Guests are even given a treat box upon departure, Momiji’s hybrid interpretation of a s’more, ‘S’mochi’ — a white chocolate cookie comprising grilled mocha and soy caramel; a rhubarb fruit roll and a fynbos honey madeleine.
Attention-to-detail was perfected by the Japanese, and it is replicated magnificently at Momiji.
You’ll want a digestif in the sunken lounge whisky bar post-dinner followed by a hasty trip home to watch Lost in Translation [again] with your treat box. Kanpai!
Its not often that the vegetarian dish has the meat eaters wanting to have a taste. Especially not at a fine dining restaurant. This happened when we ate at Momiji! I was sceptical going in, half expecting the vegetarians to be completely left out of the experience, but I really feel like I got an equal and comparable experience, as well as my money's worth. Well done Momiji! And I was told that they cater for all dietary restrictions. Great service from knowledgeable staff, and I am amazed at the tranquil ambience they have created. A hidden gem, just around the corner from the chaos of Long street, the pairing was an amazing culinary experience!
MOMIJI- Tjing Tjing
Last night, we braved the cold and rain, and opted for a luxury dining experience at Momiji.
My partner has spent a lengthy time in Japan so intially going into the experience he was naturally sceptical, but WOW were we blown away.
We opted for the current winter special , Kaiseki menu , 9 courses with drink pairing (with some additional surprises).
Each dish is perfectly designed and you can see the attention to detail.
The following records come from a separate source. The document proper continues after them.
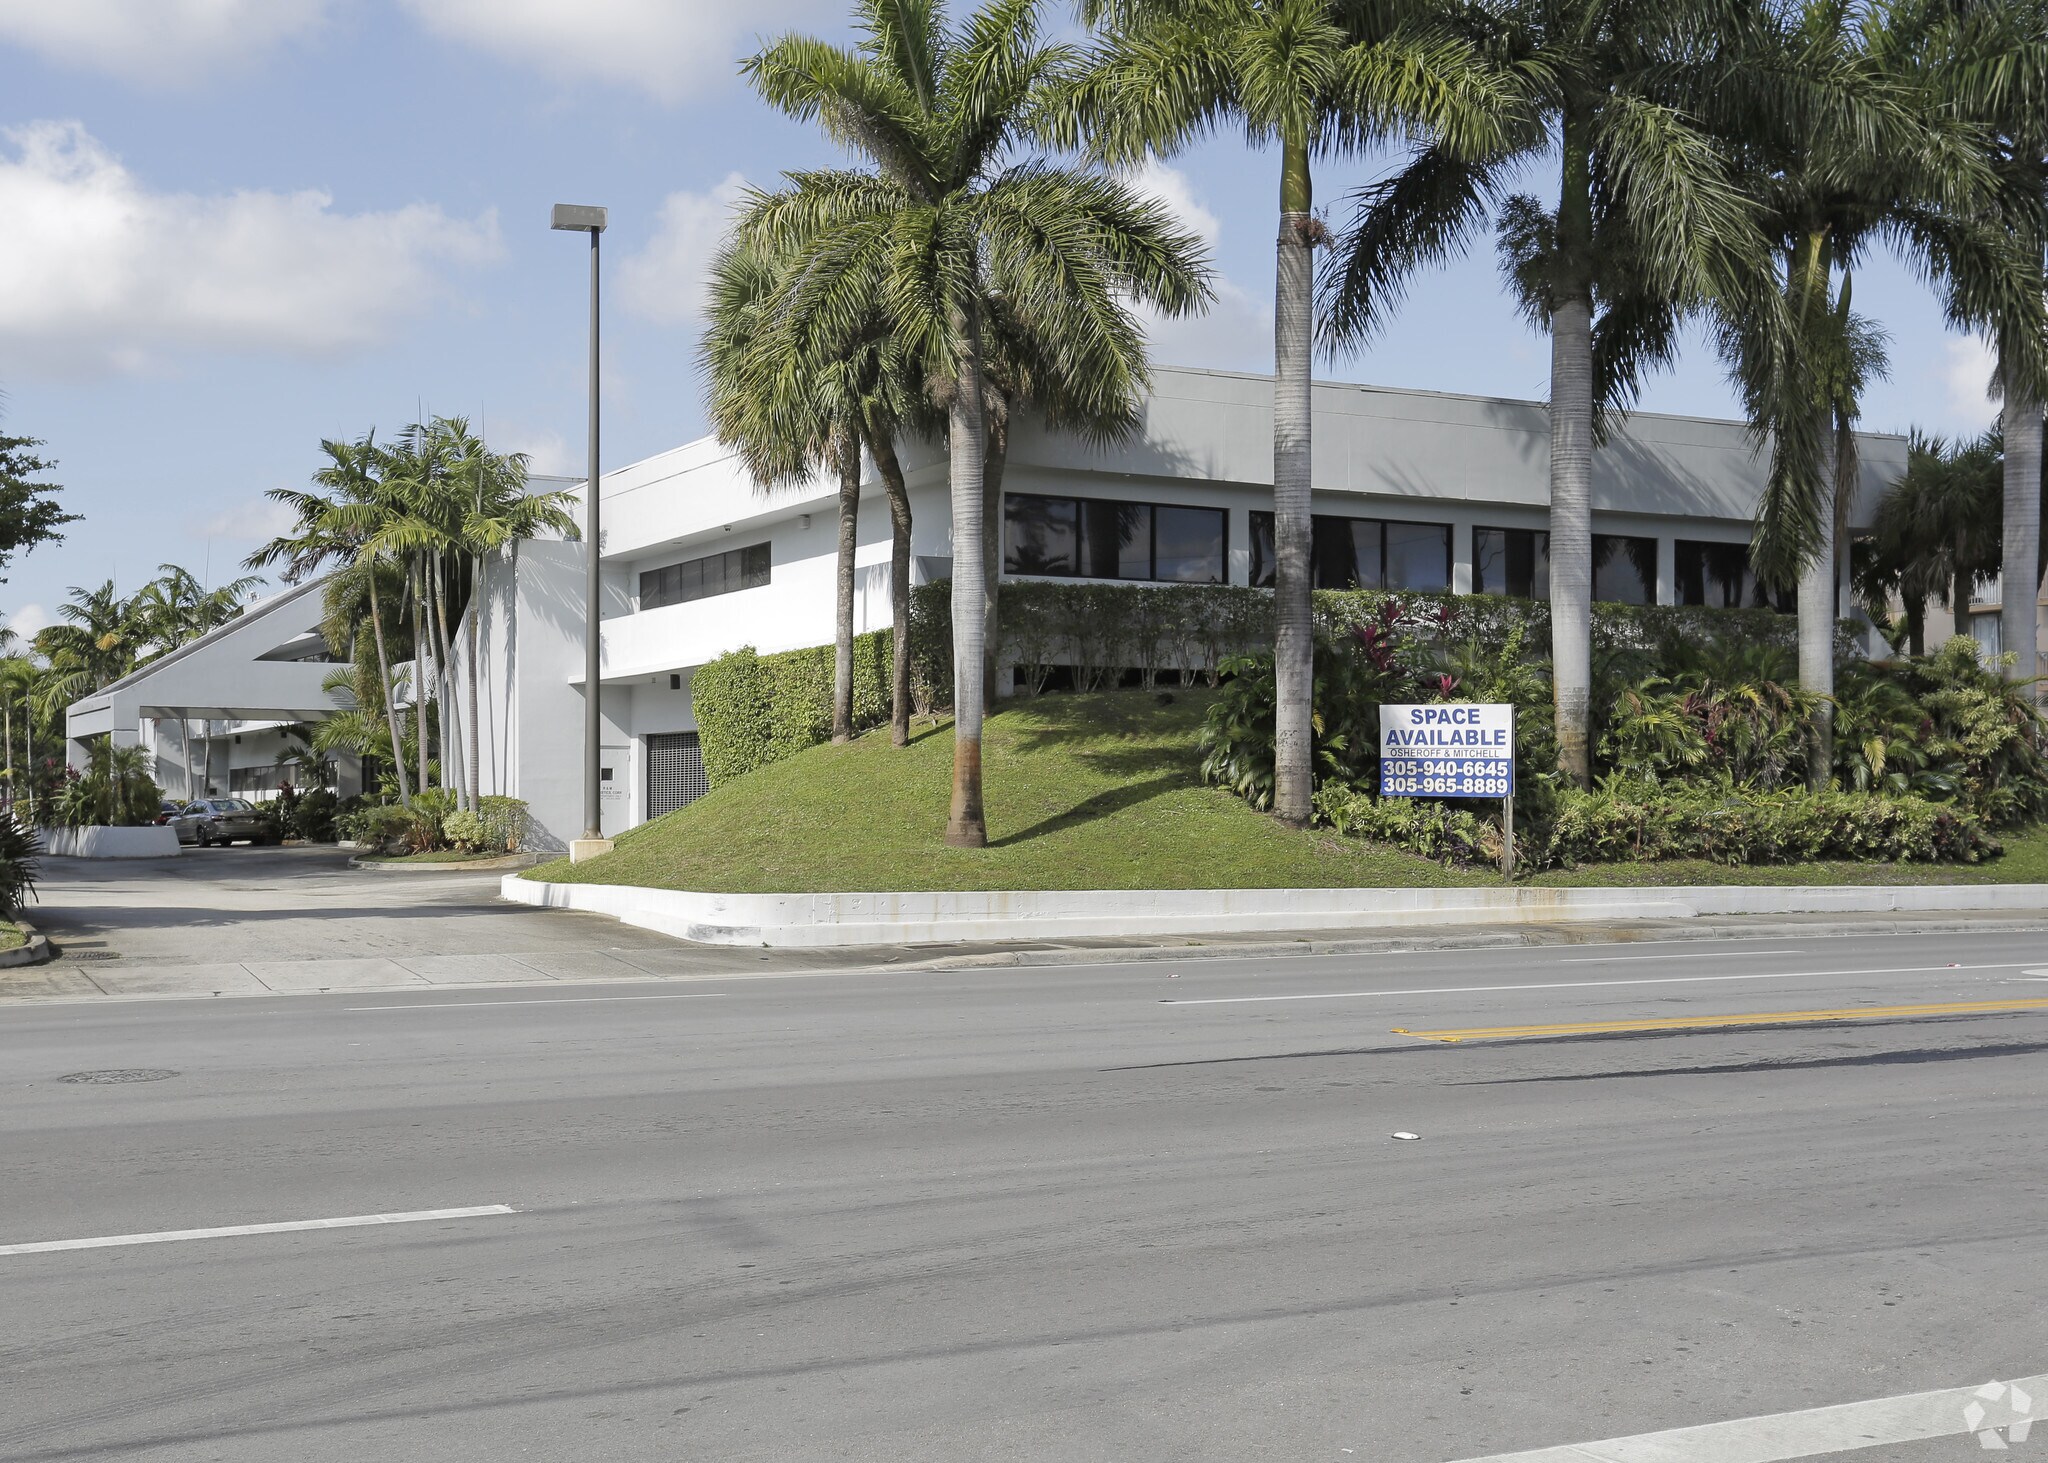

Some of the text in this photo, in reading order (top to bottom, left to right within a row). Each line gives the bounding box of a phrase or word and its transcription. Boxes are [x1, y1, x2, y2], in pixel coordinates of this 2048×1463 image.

[1411, 708, 1481, 725] SPACE
[1385, 729, 1507, 746] AVAILABLE
[1390, 749, 1500, 758] OSHEROFF & MITCHELL
[1383, 761, 1508, 777] 305-940-6645
[1383, 777, 1508, 794] 305-965-8889
The ingredients are perfectly paired with delicious drinks such as local Hemel and aarde valley Pinot Noir, a local CBC Weiss , traditional sake, and a Portguese crisp wine
Some of the stand out dishes included Wagyu beef, pickled onion, fig preserve and crispy sage , the sashimi selection of oyster, tuna and trout (additional ponzu dressing ) as well as the fruit platter, a Bento box of sweet treats including a sake soaked pear, mochi apple ice cream and matcha Madeleines.
The setting is tranquil( music is soft, the layout is perfect in terms of proximity to other patrons , and they have a great scent used within the space) ,the dishes included local and seasonal selections, and the staff are really knowledgeable about each course. The special is exceptional value for money if you're wanting to try something different and taste something spectacular.
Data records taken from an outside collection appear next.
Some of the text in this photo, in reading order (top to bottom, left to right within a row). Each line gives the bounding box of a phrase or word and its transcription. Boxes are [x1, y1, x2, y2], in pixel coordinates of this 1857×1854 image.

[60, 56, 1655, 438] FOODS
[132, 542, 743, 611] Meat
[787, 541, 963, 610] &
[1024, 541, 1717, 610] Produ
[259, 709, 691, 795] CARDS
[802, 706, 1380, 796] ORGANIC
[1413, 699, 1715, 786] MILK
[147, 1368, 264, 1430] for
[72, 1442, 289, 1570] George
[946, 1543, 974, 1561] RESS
Only critique, is that the lights were extremely bright, and think that if there was softer lighting, it would contribute to a more comforting , relaxed feeling/setting.
Momiji is one for the books. ? Tjing Tjing
This is an absolute find in Cape Town! Intimate, gorgeous setting with no costs spared in the smallest of details, making this a superb Japanese experience. Beautiful dining ware and presentation. The food is creative yet simple and produce true to itself. The kaiseki menu has a certain flow / balance which leaves you feeling very satisfied and not overindulged as many multiple course dinners might. The pairing option is a absolute treat and well executed. We loved the sunken lounge for a drink before dinner, and the music is something special. This is a very memorable experience and a definite must do in Cape Town!